Goethe’s Faust is one of the most imaginative works of literature ever written, overflowing with archetypal imagery, profound ideas and deep mystery, with a strong sense of hidden meanings and powerful secrets. The work is also a magnificent gnostic allegory. Whereas older, more christian versions of the legend of Faust end with Faust being condemned for his desire for the knowledge of god, Goethe ends his legend with Faust’s soul ascending to heaven, in a moment of apotheosis. Goethe celebrates the ambition of Faust to acquire knowledge leading to his becoming godlike himself. Yet, importantly, Faust only achieves this after making his deal with the devil, showing how we must embrace both the darkness and the light if we are to transcend them both. This idea echoes that of William Blake in his ‘The Marriage Of Heaven And Hell’, in which Blake states that progression in life is impossible without the unification of contraries, such as good and evil.

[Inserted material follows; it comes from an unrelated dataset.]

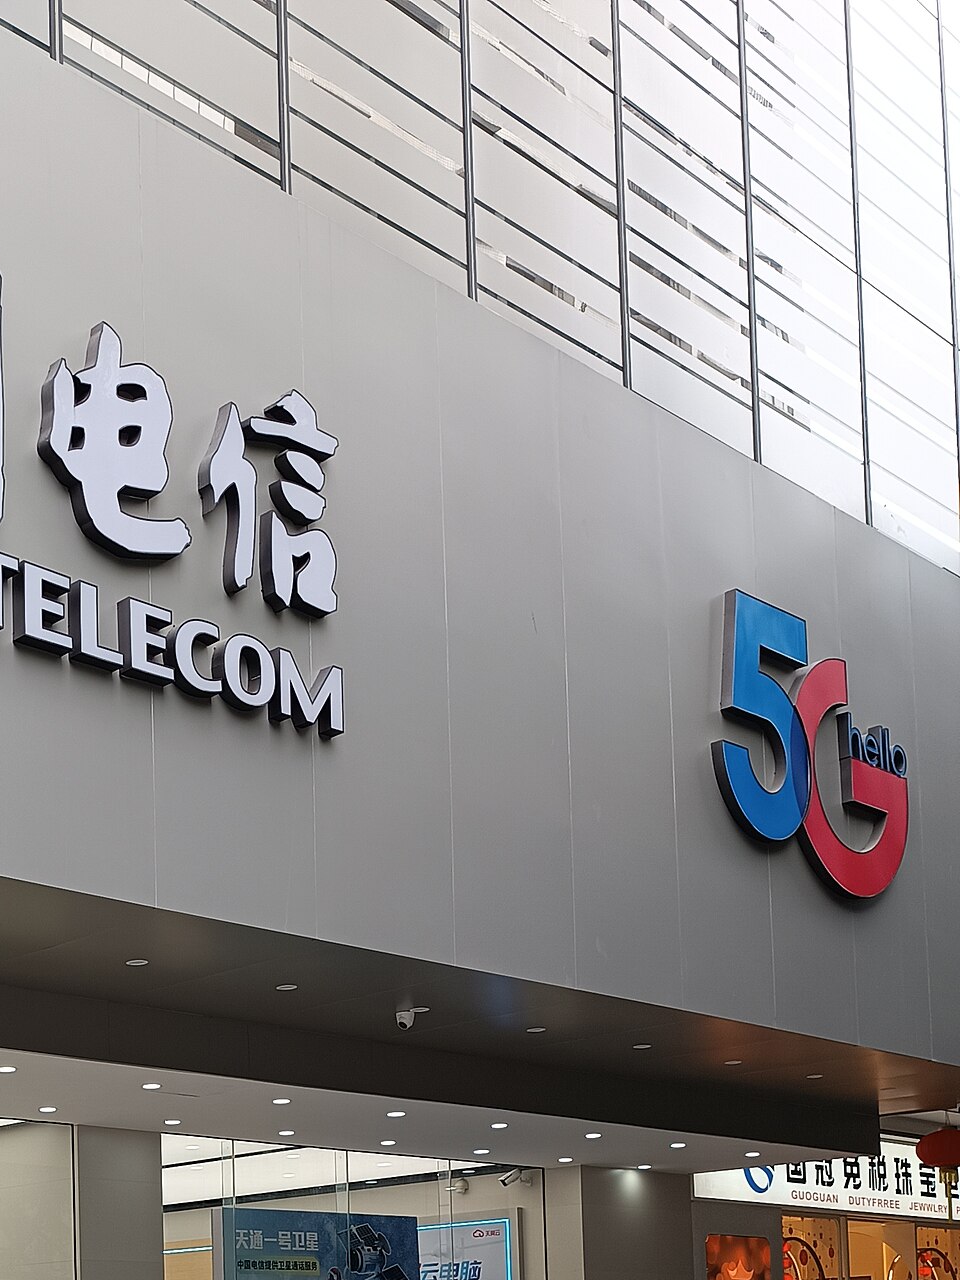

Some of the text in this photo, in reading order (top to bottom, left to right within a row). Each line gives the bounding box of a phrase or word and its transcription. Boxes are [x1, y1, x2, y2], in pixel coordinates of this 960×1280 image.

Both Blake and Goethe, therefore, present us with highly imaginative versions of the gnostic message, Blake with a completely original mythology, and Goethe with one which draws on old legends and pagan myths full of archetypal figures and imagery. Like Blake, we must all reject the old conventions of this world and create a vision of the future which we can actualise in the here and now. Like Goethe’s Faust, we must all strive for ultimate knowledge, even if that means embracing the darker aspects of life, and we must traverse this benighted world and all of its dark places, if we are to bathe it in the light of our own inner star.